Give the anxiety a voice. If you like being creative or imaginative, name it. I was reading A Liberated Mind by Steven Hayes, and he calls his voice “George,” which made me laugh.
Dr. Hayes was plagued by incapacitating panic attacks early in his career and found that the usual management strategies didn’t work, so he devoted time to research and creating new approaches to deal with the problem, which I’m drawing on today.
But I digress. Naming the voice that’s ruminating and creating anxiety in your head helps you feel that separation between you and your experience. You can look at the thoughts that are hooking you in with some distance and allow yourself to explore them or let them go if you find them to be exaggerated, inaccurate, or counterproductive. You can quiet down that voie.
Write your thoughts on a small piece of paper.
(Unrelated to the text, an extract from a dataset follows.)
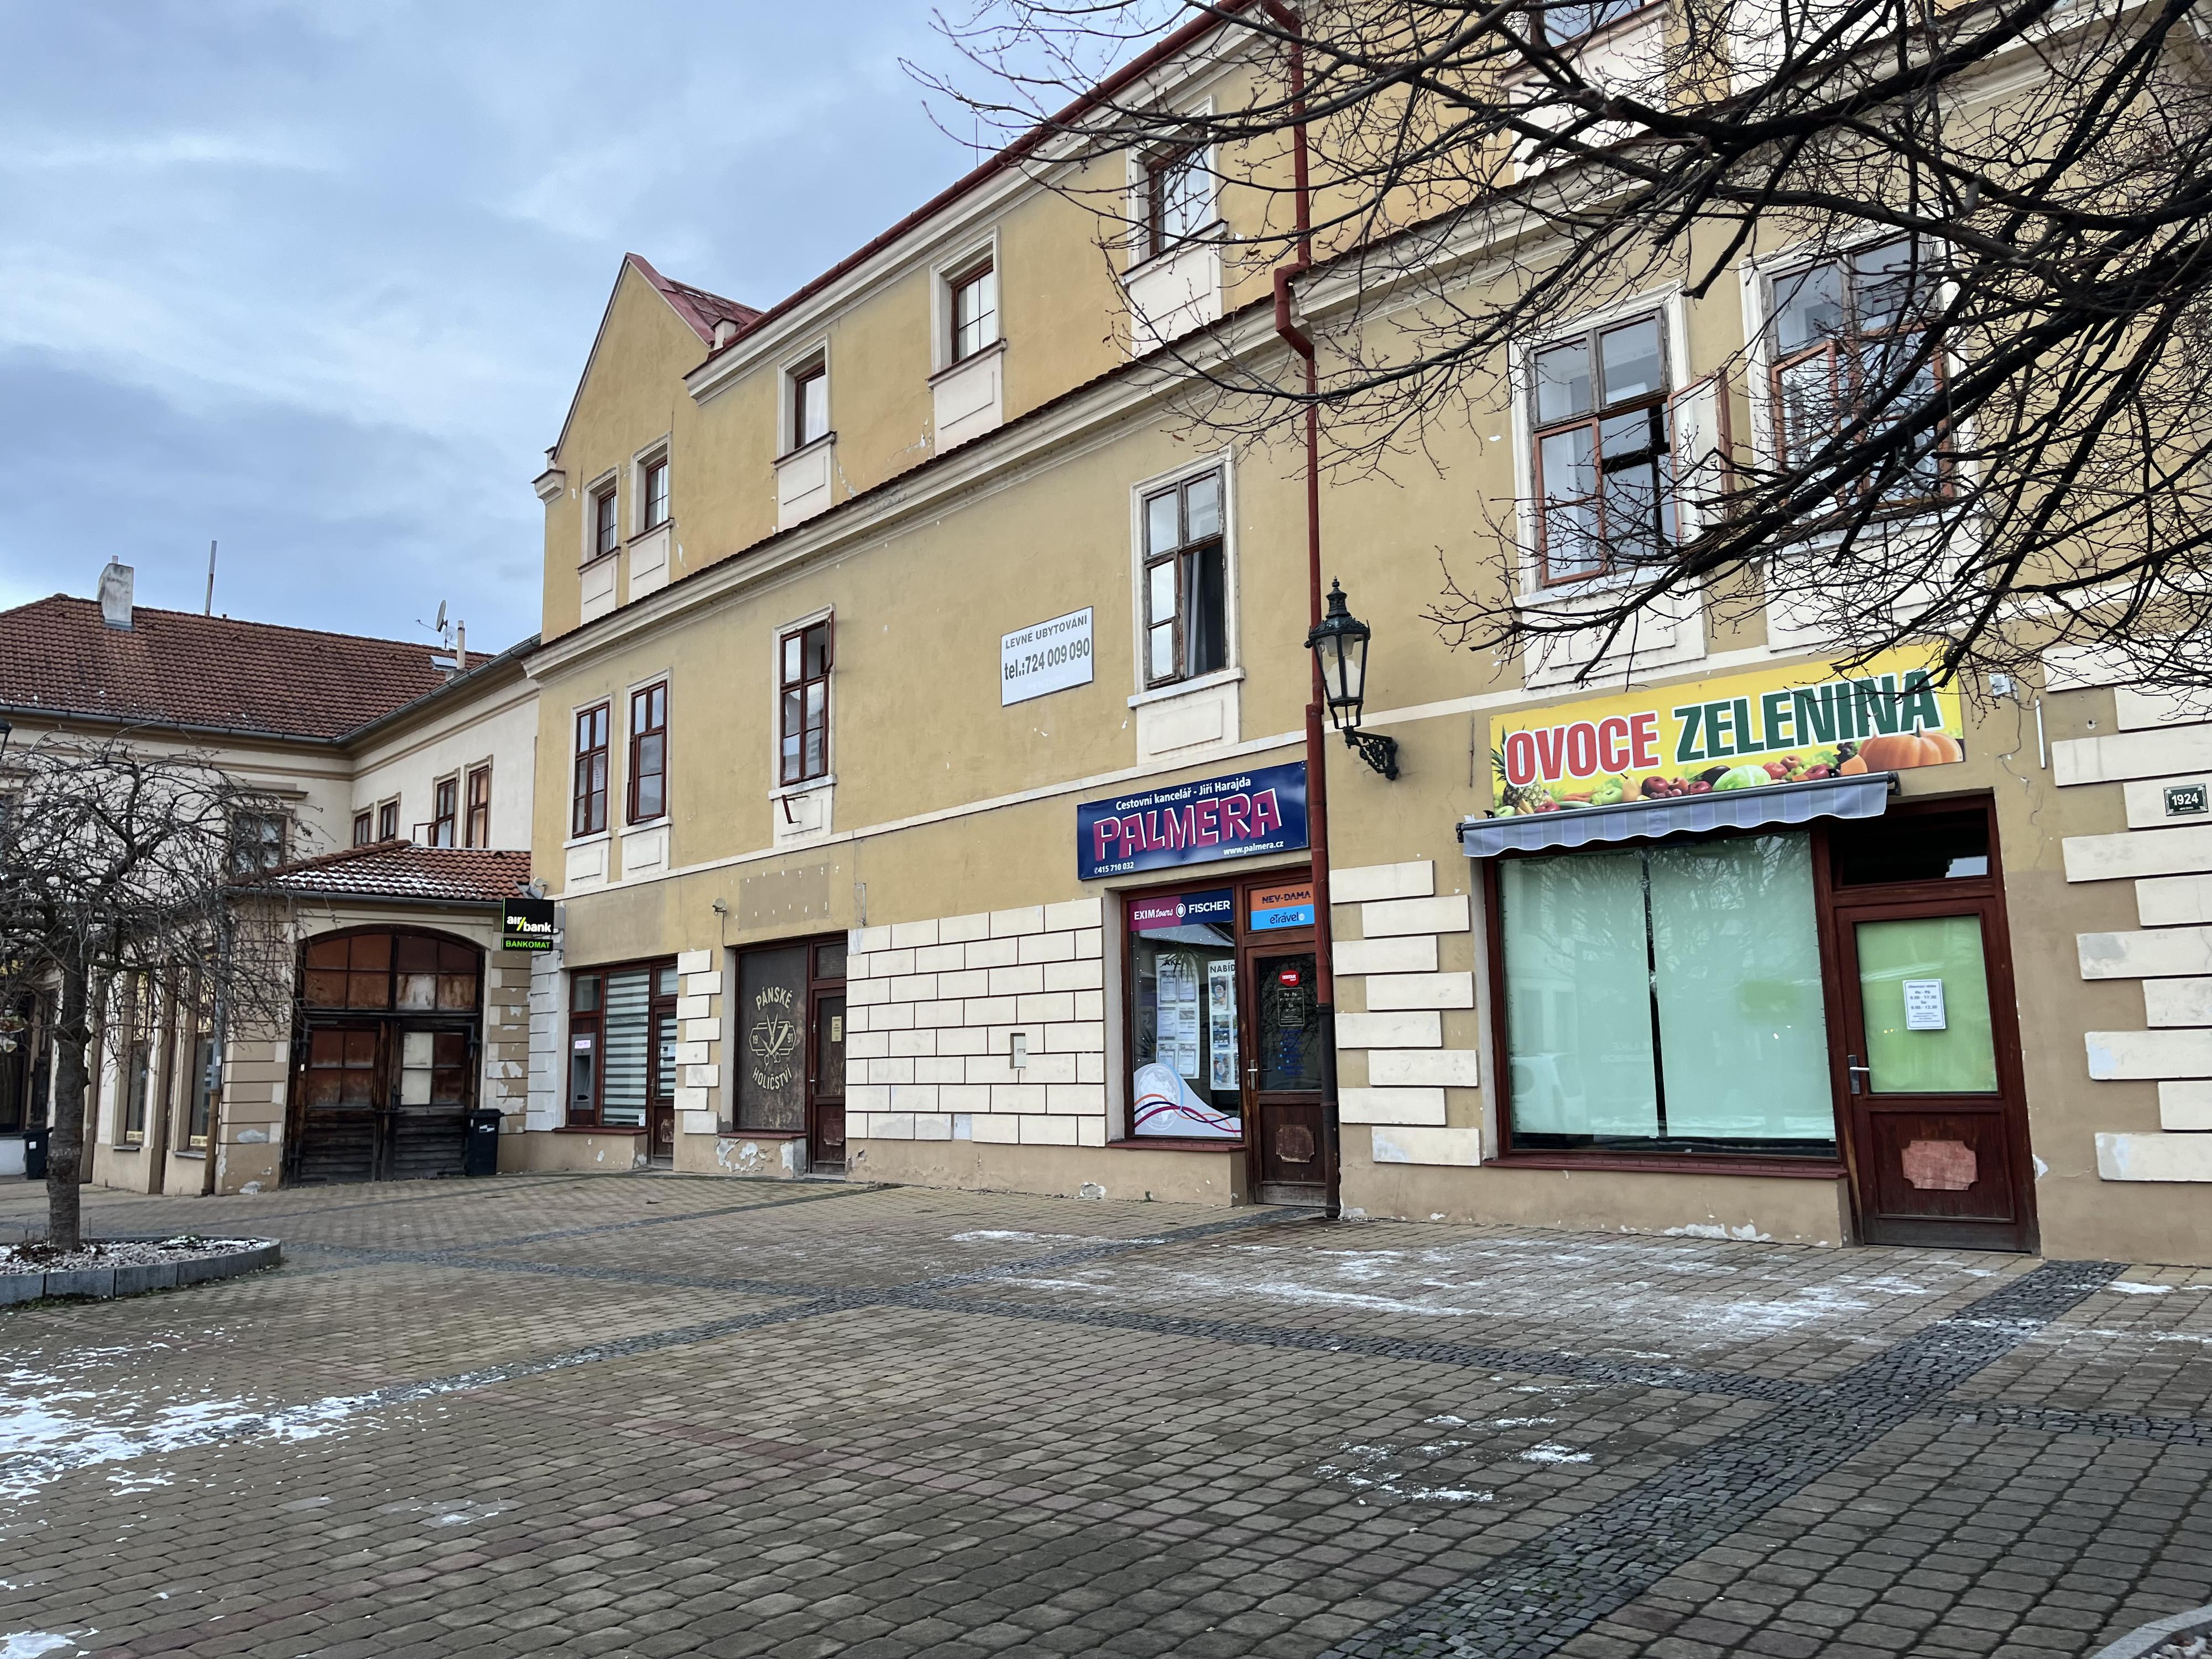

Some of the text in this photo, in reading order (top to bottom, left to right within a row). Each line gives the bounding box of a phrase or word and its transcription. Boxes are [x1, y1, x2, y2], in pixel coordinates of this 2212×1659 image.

When I read this, I wasn’t all that enamored of the idea, but I tried it. You write out the anxious thoughts, feelings, or situations circling in your mind, and then keep the paper with you. Pull it out and read it every once in a while, and then put it back in its place so you can reread it later. This exercise might seem too simple, but it has an effect!
Get compassionate.
If your anxiety is focused around self-doubt or self-recriminations, try this exercise. Imagine yourself as a child having anxious thoughts. Make this as realistic as you can. Go back to the youngest time you can remember and visualize yourself. Imagine your voice and hear yourself verbalize your anxiety in that voice. How would you soothe that child?
To Sum It Up
Here’s a quick summary of the four ideas:
- Anxiety is a hook. It grabs you and holds on through fear, thoughts, and emotions.
- You are not your thoughts and feelings. You are the one experiencing them. By keeping this in mind, you gain some emotional distance so you can pull out those thoughts and evaluate them for accuracy.
- Accept anxiety when it comes. Trying to get rid of it or avoid it makes it worse. It’s not as scary as it seems. When you look at it and let it ride out, it weakens. And you likely find some of the hidden sources of it.
- Defuse yourself from it. Use simple exercises to help you defuse from the thoughts and feelings that have hooked you in. Unhook.
There’s much more you can do to work with anxiety. Today’s blog is just a quick guide. I gave you only three defusing exercises. There are more. You can find them by reading A Liberated Mind or click here. It’s an interesting approach and one backed by research.
That’s all for today. Have a great week!